[[ MATERIAL PROVIDED, beginning ]]

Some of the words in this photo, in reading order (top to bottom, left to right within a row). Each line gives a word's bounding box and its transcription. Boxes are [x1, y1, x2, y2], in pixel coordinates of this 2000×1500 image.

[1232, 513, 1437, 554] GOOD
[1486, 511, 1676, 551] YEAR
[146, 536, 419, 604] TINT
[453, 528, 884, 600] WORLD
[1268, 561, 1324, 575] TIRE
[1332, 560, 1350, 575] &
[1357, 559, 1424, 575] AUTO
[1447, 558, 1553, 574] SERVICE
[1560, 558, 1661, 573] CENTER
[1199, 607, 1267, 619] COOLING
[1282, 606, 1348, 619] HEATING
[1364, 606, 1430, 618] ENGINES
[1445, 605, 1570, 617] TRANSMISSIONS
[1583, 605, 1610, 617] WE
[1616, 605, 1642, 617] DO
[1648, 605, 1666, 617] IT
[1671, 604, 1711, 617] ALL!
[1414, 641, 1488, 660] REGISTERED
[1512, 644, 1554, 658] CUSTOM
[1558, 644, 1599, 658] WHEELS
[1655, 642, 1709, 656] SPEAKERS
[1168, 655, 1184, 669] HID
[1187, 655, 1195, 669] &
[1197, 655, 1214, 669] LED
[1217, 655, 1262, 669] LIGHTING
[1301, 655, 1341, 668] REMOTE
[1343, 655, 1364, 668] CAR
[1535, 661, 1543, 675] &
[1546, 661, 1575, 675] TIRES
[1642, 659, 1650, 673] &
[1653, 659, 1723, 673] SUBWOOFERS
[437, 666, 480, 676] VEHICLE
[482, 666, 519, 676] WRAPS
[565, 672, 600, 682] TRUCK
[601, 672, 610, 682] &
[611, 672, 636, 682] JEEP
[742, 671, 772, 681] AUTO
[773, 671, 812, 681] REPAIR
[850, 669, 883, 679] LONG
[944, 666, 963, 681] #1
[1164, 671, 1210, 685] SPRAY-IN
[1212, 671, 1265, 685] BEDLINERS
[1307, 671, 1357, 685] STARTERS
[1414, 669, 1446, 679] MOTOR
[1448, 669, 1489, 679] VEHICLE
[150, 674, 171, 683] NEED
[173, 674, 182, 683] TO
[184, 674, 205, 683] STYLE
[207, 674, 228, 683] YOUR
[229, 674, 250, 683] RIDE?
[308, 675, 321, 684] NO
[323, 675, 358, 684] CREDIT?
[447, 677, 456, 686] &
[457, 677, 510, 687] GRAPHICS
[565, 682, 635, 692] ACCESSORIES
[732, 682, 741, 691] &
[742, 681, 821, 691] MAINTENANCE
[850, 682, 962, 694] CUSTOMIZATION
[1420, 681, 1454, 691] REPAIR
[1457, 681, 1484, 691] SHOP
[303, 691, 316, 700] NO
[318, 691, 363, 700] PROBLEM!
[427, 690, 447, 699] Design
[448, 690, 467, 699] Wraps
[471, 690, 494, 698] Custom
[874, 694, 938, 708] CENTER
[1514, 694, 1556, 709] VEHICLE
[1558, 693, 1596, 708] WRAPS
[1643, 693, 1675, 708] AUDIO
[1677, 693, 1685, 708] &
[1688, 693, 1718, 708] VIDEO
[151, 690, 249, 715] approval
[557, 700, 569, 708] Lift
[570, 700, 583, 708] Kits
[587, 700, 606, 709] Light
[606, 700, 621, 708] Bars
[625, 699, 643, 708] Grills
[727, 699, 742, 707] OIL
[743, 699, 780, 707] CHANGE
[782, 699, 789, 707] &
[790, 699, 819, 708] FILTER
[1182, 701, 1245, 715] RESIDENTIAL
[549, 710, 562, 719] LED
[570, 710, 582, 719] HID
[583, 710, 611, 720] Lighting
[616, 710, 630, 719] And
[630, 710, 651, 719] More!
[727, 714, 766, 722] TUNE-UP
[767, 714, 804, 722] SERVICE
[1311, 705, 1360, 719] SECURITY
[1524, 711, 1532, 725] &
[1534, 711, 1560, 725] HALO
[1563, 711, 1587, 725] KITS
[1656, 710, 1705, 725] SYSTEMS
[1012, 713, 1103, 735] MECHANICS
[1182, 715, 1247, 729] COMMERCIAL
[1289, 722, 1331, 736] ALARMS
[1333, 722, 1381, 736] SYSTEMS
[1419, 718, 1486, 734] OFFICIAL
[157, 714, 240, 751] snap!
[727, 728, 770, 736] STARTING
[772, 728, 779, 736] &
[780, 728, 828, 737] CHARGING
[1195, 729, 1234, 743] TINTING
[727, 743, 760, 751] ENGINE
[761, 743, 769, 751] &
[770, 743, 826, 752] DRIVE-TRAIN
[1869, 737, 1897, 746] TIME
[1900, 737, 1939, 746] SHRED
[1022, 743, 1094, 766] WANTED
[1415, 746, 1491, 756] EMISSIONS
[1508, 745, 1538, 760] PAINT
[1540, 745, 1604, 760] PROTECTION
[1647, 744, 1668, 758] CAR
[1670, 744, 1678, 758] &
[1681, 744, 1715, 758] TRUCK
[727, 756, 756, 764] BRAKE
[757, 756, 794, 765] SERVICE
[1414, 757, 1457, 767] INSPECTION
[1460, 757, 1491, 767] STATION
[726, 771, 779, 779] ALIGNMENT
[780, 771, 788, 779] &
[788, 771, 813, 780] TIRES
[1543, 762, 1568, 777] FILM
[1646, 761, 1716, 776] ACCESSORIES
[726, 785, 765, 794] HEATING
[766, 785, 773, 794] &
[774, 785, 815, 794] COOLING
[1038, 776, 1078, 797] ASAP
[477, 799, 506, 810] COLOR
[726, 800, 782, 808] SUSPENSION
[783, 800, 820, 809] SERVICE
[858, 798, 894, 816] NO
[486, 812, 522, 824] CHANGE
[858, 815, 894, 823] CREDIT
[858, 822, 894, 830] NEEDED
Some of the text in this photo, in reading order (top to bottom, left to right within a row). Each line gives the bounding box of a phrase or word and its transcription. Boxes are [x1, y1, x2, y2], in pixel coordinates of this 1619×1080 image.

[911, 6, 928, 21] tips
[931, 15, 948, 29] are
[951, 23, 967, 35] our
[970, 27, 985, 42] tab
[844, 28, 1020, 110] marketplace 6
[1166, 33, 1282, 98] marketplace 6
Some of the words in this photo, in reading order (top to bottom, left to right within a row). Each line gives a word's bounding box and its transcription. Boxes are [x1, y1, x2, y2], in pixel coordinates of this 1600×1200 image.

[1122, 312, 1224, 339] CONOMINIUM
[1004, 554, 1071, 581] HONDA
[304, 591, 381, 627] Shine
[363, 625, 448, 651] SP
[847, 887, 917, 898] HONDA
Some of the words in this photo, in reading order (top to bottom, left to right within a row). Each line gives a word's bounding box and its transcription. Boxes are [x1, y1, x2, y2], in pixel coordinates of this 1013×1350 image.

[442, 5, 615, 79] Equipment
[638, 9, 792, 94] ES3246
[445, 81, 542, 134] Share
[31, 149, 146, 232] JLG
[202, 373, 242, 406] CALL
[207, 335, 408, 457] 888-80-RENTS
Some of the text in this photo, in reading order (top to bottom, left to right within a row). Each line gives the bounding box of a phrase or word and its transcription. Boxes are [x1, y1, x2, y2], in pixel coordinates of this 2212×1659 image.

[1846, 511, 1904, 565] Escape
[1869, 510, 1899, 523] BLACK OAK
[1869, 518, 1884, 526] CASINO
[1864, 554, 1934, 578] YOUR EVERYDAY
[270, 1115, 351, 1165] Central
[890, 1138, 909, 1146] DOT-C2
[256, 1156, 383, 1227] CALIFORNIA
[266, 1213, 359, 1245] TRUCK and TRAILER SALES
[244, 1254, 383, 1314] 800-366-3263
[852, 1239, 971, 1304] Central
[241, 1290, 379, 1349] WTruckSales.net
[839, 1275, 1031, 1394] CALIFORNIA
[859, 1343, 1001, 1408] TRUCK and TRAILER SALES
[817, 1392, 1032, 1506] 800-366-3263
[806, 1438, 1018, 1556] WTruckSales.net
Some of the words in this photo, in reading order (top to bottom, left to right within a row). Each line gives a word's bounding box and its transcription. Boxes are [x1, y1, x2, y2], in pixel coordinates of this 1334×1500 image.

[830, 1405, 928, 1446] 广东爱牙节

[[ MATERIAL PROVIDED, end ]]

### [PROBLEM STATEMENT]
Repeat exactly the lines above, starting with the line that contains "this 1013×1350 image." and ending with the last line, both included, and nothing else.

### [EXERCISE ANSWER]
Some of the words in this photo, in reading order (top to bottom, left to right within a row). Each line gives a word's bounding box and its transcription. Boxes are [x1, y1, x2, y2], in pixel coordinates of this 1013×1350 image.

[442, 5, 615, 79] Equipment
[638, 9, 792, 94] ES3246
[445, 81, 542, 134] Share
[31, 149, 146, 232] JLG
[202, 373, 242, 406] CALL
[207, 335, 408, 457] 888-80-RENTS
Some of the text in this photo, in reading order (top to bottom, left to right within a row). Each line gives the bounding box of a phrase or word and its transcription. Boxes are [x1, y1, x2, y2], in pixel coordinates of this 2212×1659 image.

[1846, 511, 1904, 565] Escape
[1869, 510, 1899, 523] BLACK OAK
[1869, 518, 1884, 526] CASINO
[1864, 554, 1934, 578] YOUR EVERYDAY
[270, 1115, 351, 1165] Central
[890, 1138, 909, 1146] DOT-C2
[256, 1156, 383, 1227] CALIFORNIA
[266, 1213, 359, 1245] TRUCK and TRAILER SALES
[244, 1254, 383, 1314] 800-366-3263
[852, 1239, 971, 1304] Central
[241, 1290, 379, 1349] WTruckSales.net
[839, 1275, 1031, 1394] CALIFORNIA
[859, 1343, 1001, 1408] TRUCK and TRAILER SALES
[817, 1392, 1032, 1506] 800-366-3263
[806, 1438, 1018, 1556] WTruckSales.net
Some of the words in this photo, in reading order (top to bottom, left to right within a row). Each line gives a word's bounding box and its transcription. Boxes are [x1, y1, x2, y2], in pixel coordinates of this 1334×1500 image.

[830, 1405, 928, 1446] 广东爱牙节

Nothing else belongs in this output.